— Да уж... — Тилос негромко смеется. — Действительно, если смотреть на мир с такой точки зрения, все мы зануды. Согласен.
— Предположим, тогда все закончилось бы хорошо. Бандиты сбежали, прекрасная девица спасена из беды и дарит спасителю свой поцелуй...
— Она была замужем, — качает головой Тилос.
— Но ты-то не знал. Ты просто вступился за нее. А теперь ответь, только честно: вступился ли бы ты так же охотно за угрюмого бородатого мужика с наколками на плечах и толстым пивным брюхом?
— Разумеется, — твердо отвечает Тилос. — Четверо на одного...
— Ничуть не разумеется. Вполне возможно, ты решил бы, что его проблемы — не твои, что он сам виноват, да и вообще — мужик он или не мужик? Погоди! — Джао поднимает руку, останавливая возмущенный возглас. — Я же сказал — возможно. Но даже если бы и вступился, то с куда меньшей охотой. Не спорь.
— Предположим, — после паузы отвечает молодой Хранитель. — И что с того?
— И тут вся суть. Когда ты что-то делаешь для других, ты ждешь благодарности за поступок, сознательно или подсознательно. Это не хорошо и не плохо. Наши животные инстинкты диктуют спасать только тех членов племени, что важны для его выживания, молодых фертильных женщин в первую очередь. А как для молодой женщины естественно отблагодарить спасителя-мужчину?
— Пусть так. Но, извини меня, при чем здесь смысл жизни? И какое отношение...
— Ох, нынешняя молодежь такая нетерпеливая! Я пытаюсь объяснить, почему Хранители решились сыграть в открытую. Сможешь сделать последний шаг самостоятельно?
Молчание.
— Да, наверное, — наконец говорит Тилос. — Все мы видим смысл жизни в том, чтобы помогать другим. Ведь Хранителей так и отбирают, верно? Но, действуя тайно, мы не видим благодарности от тех, кому помогаем, и наши инстинкты бунтуют... Я прав?
— Браво, Семен! — Джао склоняет голову в шутливом полупоклоне. — Можно сколько угодно говорить об эффективности взаимодействия с полицией и чиновниками, но причина нашего раскрытия одна: мы устали от безвестности. Мы хотим признания, а может, и поклонения. О, мы никогда не признаемся себе в таком позорном мотиве, нет, никогда! Но он есть и он определяет наше поведение сейчас, как ни печально.
— Ну и что? — спрашивает Тилос после раздумья. — Что тут плохого? В конце концов, от того, что нам благодарны, никому плохо не станет.
— Видишь ли, человек терпеть не может быть обязанным другим.

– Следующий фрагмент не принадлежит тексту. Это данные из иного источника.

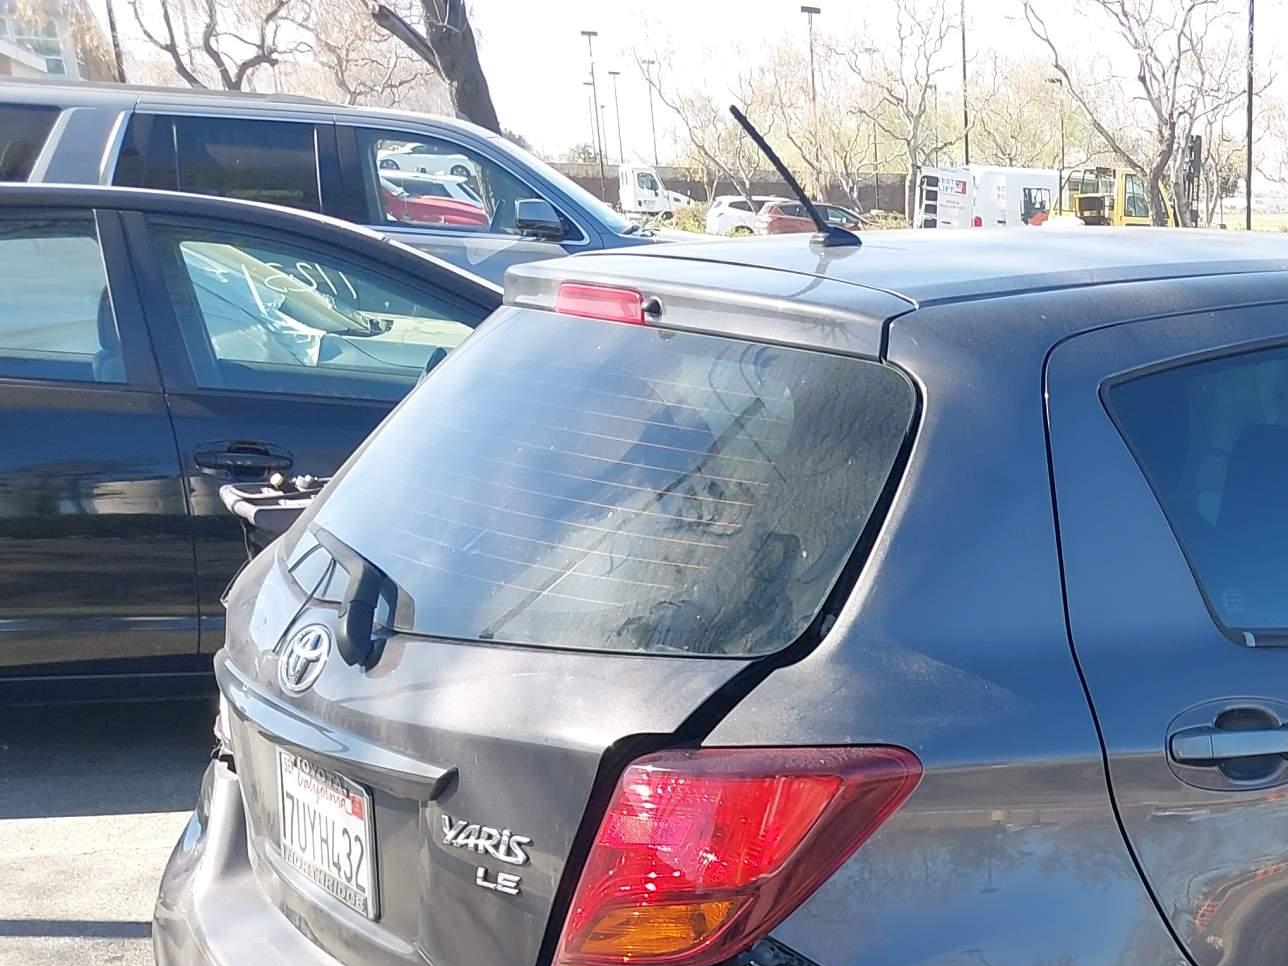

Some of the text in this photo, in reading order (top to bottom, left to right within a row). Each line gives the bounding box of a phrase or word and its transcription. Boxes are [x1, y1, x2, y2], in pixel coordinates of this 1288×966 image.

[294, 755, 346, 792] TOYOTA
[286, 793, 366, 894] 7UYH432
[476, 867, 522, 895] LE

Благодарность — долг, который нужно отдавать, узы, ограничивающие свободу. Доселе свободный индивидуум вдруг оказывается связанным некими моральными обязательствами. Тут уже начинает бунтовать его собственное подсознание. И ты, оказав ему явную услугу, неожиданно оказываешься его врагом. Выхода всего два: либо навсегда пропасть с горизонта — а лучше вообще на нем не появляться — либо становиться навязывающей себя Силой.
— Почему другим такое можно, а нам нет?
— Потому что мы — не "другие". Наше вмешательство нарушает естественный баланс в обществе. Понимаешь, людям свойственно ошибаться. Но когда ошибается простой человек, даже очень сильный, буквально или фигурально, он не может навязывать свою волю другим бесконечно. Рано или поздно он уйдет, умрет, например, или еще что. А Хранители... Наша сила вечна и несокрушима. Цена наших ошибок многократно превосходит цену других. А у нас еще и есть превосходное самооправдание чему угодно: мы же не для себя стараемся! Худшие преступления в истории человечества совершались не из корыстных, а именно из альтруистических побуждений — посмотри хотя бы на новейшую историю Ростании.
— Джао, о каких преступлениях ты говоришь? — досадливо морщится Тилос. — Мы ликвидируем бандитов и взяточников, помогаем исправлять ошибки в народном хозяйстве...
— Пока — да. Но еще немного, и нам неизбежно придется стать из тайной группы, известной немногим, публичной организацией. И вот тогда мы столкнемся с сопротивлением, которое придется превозмогать. А там, где сила солому ломит, случаются и ошибки, зачастую преступные. Но я даже не о том. Все-таки — в чем смысл жизни?
— Я не знаю, — Тилос пожимает плечами.
— Нет, знаешь. Ты ведь зачем-то живешь и не задумываешься над тем, чтобы умереть.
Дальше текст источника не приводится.